Berkeley Repertory Theatre has grown from a storefront stage to a national leader in innovative theatre. Known for its core values of imagination and excellence, as well as its educated and adventurous audience, the nonprofit has provided a welcoming home for emerging and established artists since 1968. The Theatre welcomes an annual audience of 180,000, serves 20,000 students and hosts dozens of community groups, thanks to 1,000 volunteers and more than 400 artists, artisans and administrators. With two stages, a school and a Tony Award for Outstanding Regional Theatre, Berkeley Rep is proud to premiere exhilarating new plays. In the last five years alone, the company has helped send five shows to Broadway: American Idiot, Bridge & Tunnel, In the Next Room (or the vibrator play), Passing Strange, and Wishful Drinking.

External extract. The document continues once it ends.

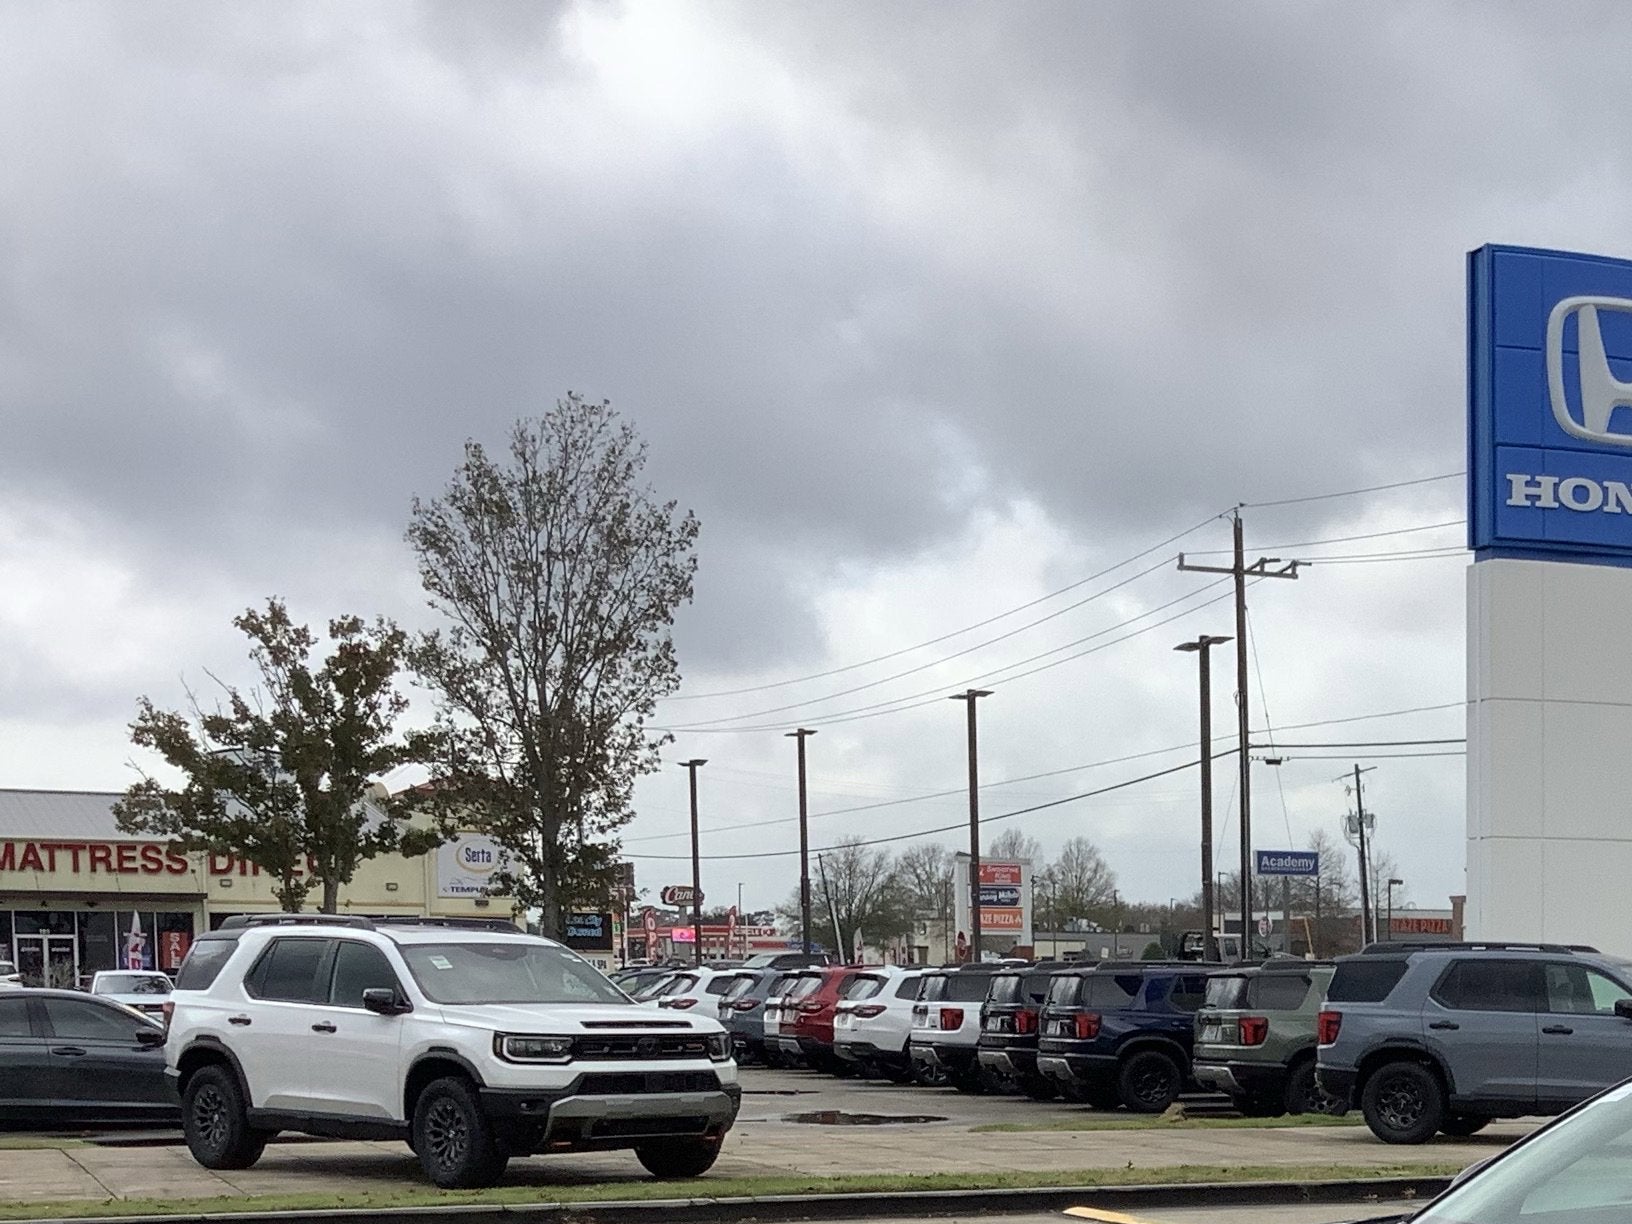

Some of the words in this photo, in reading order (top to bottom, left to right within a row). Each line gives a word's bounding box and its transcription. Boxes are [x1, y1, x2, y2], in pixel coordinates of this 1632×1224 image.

[465, 847, 492, 863] Serta
[1261, 855, 1315, 871] Academy
[170, 932, 181, 968] SALE

Denver Center Theater Company As the flagship theatre of the Rocky Mountain region, The Denver Center for the Performing Arts creates and presents exceptional theatre that engages, excites, provokes and inspires both artists and audiences. They embrace the classics while also striving to create new plays and musicals that advance the American theatre and are committed to making The Denver Center a center for lifelong learning and civic engagement.

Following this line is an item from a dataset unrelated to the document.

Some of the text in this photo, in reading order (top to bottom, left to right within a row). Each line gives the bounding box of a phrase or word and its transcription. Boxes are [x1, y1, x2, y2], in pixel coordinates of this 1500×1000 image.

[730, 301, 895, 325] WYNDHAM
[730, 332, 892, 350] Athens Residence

Primary Stages has given life to more than 100 new plays, many of them world premieres, by writers such as Horton Foote, A.R. Gurney, Willy Holtzman, Julia Jordan, Romulus Linney, Donald Margulies, Melissa Manchester, Terrence McNally, John Henry Redwood, John Patrick Shanley, Mac Wellman, Lee Blessing and Michele Lowe. The company also continues to work with emerging playwrights through commissions and its artist development program, The Dorothy Strelsin New American Writers Group.

Over the years, the company has received considerable critical acclaim and numerous theater and literary awards and nominations, including TONY, Obie, AUDELCO, Outer Critics Circle, Lucille Lortel , Drama League and Drama Desk Awards. The Fourth Wall, All in the Timing, The Old Settler, Missing/Kissing, The Model Apartment, Scotland Road, You Should Be So Lucky, The Stendhal Syndrome, Sabina, Dividing the Estate and In The Continuum are among the many plays brought to national attention by Primary Stages.

Primary Stages is honored to be the Resident Theater Company of 59E59 Theaters since its inauguration in 2004. 59E59 Theaters is a state of the art theater center on Manhattan’s East side which provides a home to numerous visiting companies, theater festivals, and artists throughout the year. www.59e59.org.